**ACTIVITY**
Copy the listing below letter for letter, passing over each picture.

* * *

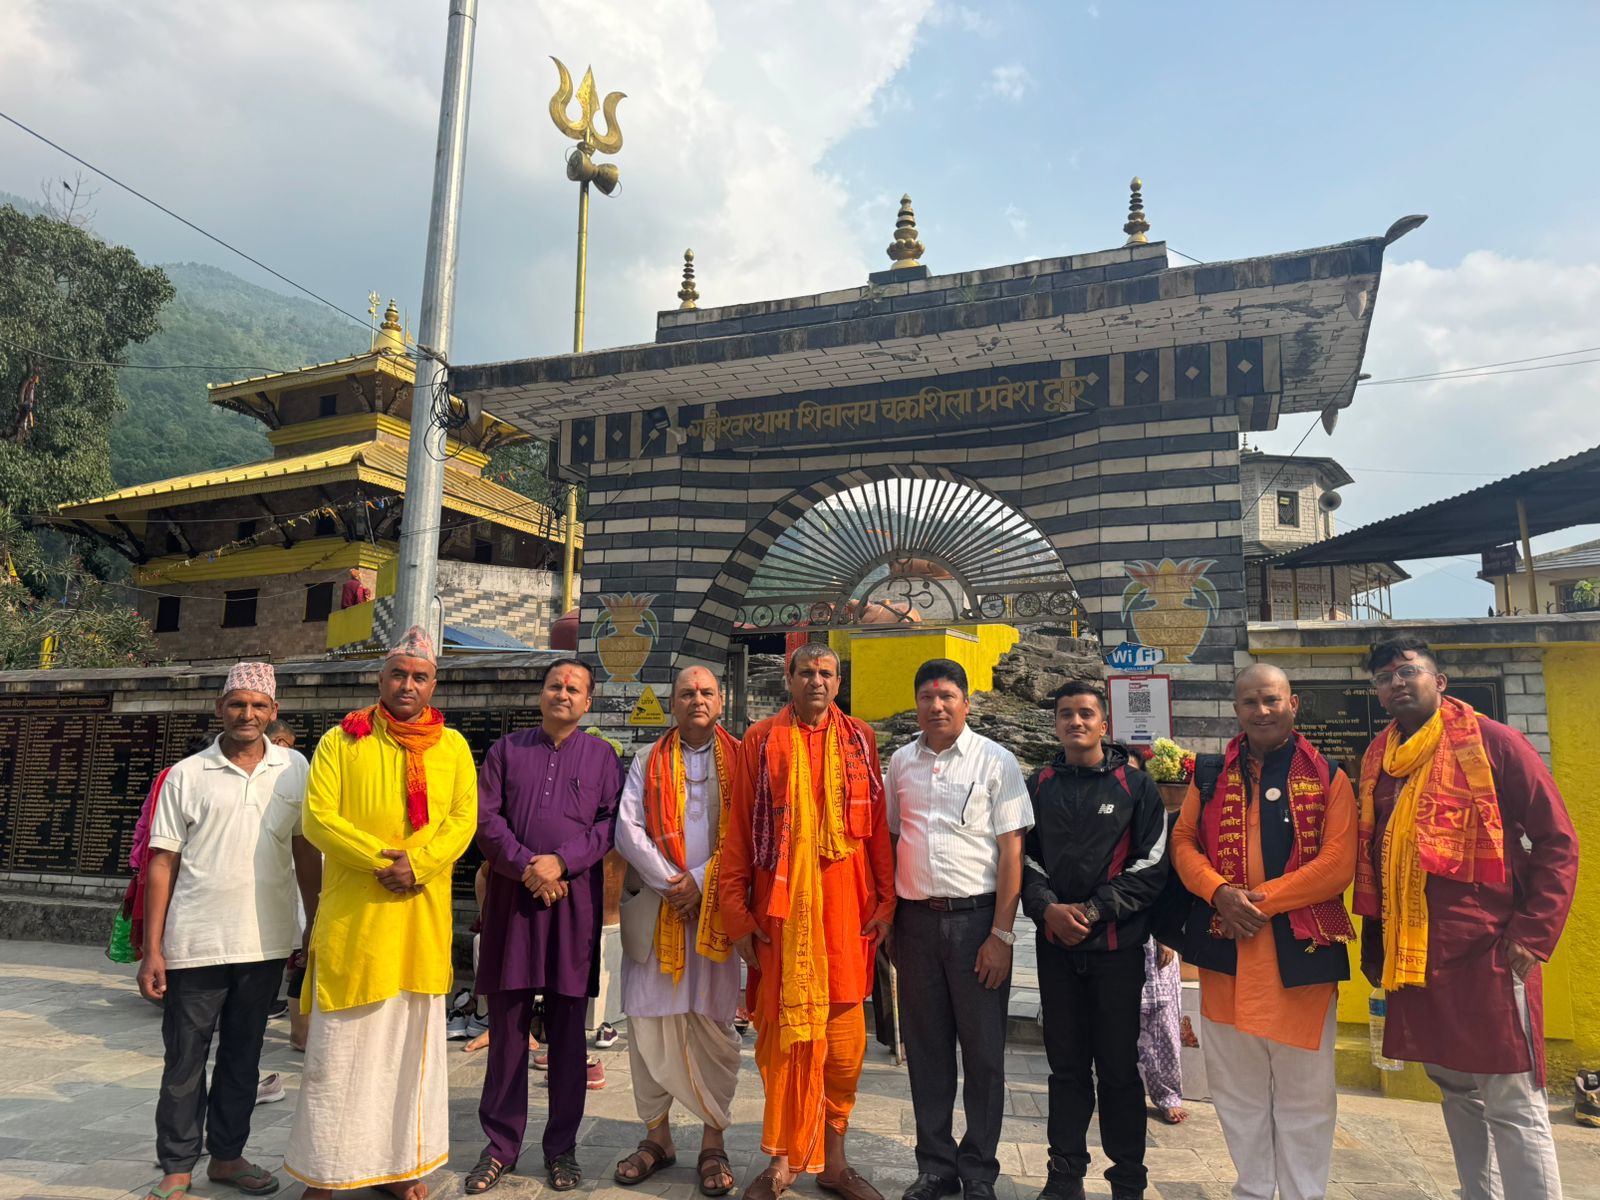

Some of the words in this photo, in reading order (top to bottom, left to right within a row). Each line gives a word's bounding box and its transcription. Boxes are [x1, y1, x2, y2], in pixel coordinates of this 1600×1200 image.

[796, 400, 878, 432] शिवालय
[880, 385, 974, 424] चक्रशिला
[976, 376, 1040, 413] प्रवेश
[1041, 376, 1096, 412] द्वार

* * *

**ANSWER AREA**
Some of the words in this photo, in reading order (top to bottom, left to right within a row). Each line gives a word's bounding box and its transcription. Boxes are [x1, y1, x2, y2], in pixel coordinates of this 1600×1200 image.

[796, 400, 878, 432] शिवालय
[880, 385, 974, 424] चक्रशिला
[976, 376, 1040, 413] प्रवेश
[1041, 376, 1096, 412] द्वार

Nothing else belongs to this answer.